Recensito in Italia il 3 aprile 2024
Definitelo uno scrittore di montagna e vedrete il Cognetti arrabbiarsi come una iena. E ne ha ben donde. Dice il nostro:
Ragazzi, ma voi i miei libri li leggete come Dio comanda o, come sospetto, li sfogliate senza criterio? Buona senz’altro la seconda, ma non preoccupatevi, vi do io adesso qualche dritta che vi chiarirà le idee.

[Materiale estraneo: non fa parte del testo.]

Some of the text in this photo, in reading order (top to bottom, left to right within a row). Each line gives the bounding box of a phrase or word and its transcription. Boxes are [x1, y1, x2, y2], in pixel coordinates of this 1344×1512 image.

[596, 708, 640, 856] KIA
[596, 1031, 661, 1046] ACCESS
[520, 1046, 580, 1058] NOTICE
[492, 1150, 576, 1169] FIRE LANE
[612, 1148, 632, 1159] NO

Punto primo. Dei miei libri si deve dire ciò che diceva il mio amico Rabelais dei suoi, e cioè che bisogna rompere l’osso e succhiarne il sostanzioso midollo. Fuor di metafora, amici cari, voi non dovete rimanere alla superficie delle mie storie, non dovete limitarvi ad estasiarvi di fronte all’indubbio talento con cui vi propino le mie ambientazioni, si tratti delle faticose scarpinate alle quali mio padre mi costringeva alle falde del Monte Rosa ovvero dei panorami mozzafiato della mia Val d’Ayas, non basta che andiate in solluchero dinnanzi alla mirabile sapienza con cui vi dipingo lo squallore del fondovalle della Valsesia oppure che lanciate gridolini di soddisfazione davanti alla perfetta resa cinematografica di alcune parti del racconto (alludo alla vicenda del cane selvatico che fa strage di suoi simili per poi finire trucidato anche lui).
Conoscete senz’altro tutti il significato del termine filigrana. Ebbene, voi dovete mettere a fuoco la filigrana che si intravvede dietro alle mie pagine. Così facendo, vi accorgerete che quello che mi sta davvero a cuore e che mi preme raccontare non sono gli scenari alpestri tipo salta il camoscio tuona la valanga. Non sono né il Cervino formato grappa del Mike nazionale, né le alte quote da cui sgorga l’acqua levissima altissima e purissima di messneriana memoria. Altri sono i territori che a me interessa esplorare, altre le vette che mi attraggono, altri gli abissi che mi terrorizzano. A me interessa addentrarmi nei legami, spesso sotterranei e pertanto di difficile accesso, che mi legano o che mi hanno legato ai membri della mia famiglia, in particolare a mio padre buonanima, il padre costituisce la vera e propria chiave di volta per capire la mia esistenza e, di conseguenza, la mia narrazione e il mio mestiere di scrittore. E’ mio padre, meglio, sono l’analisi dei miei rapporti con lui e delle difficoltà che, come accade spesso ai figli, ho incontrato per rendermi autonomo da lui, che conferiscono coerente unità ai miei romanzi. (Tra parentesi io sono un inguaribile fan di Aristotele e della sua regola aurea dell’unità di azione). A questo proposito consiglio ai miei venticinque lettori di far precedere la lettura di Giù nella valle da quella di Le otto montagne.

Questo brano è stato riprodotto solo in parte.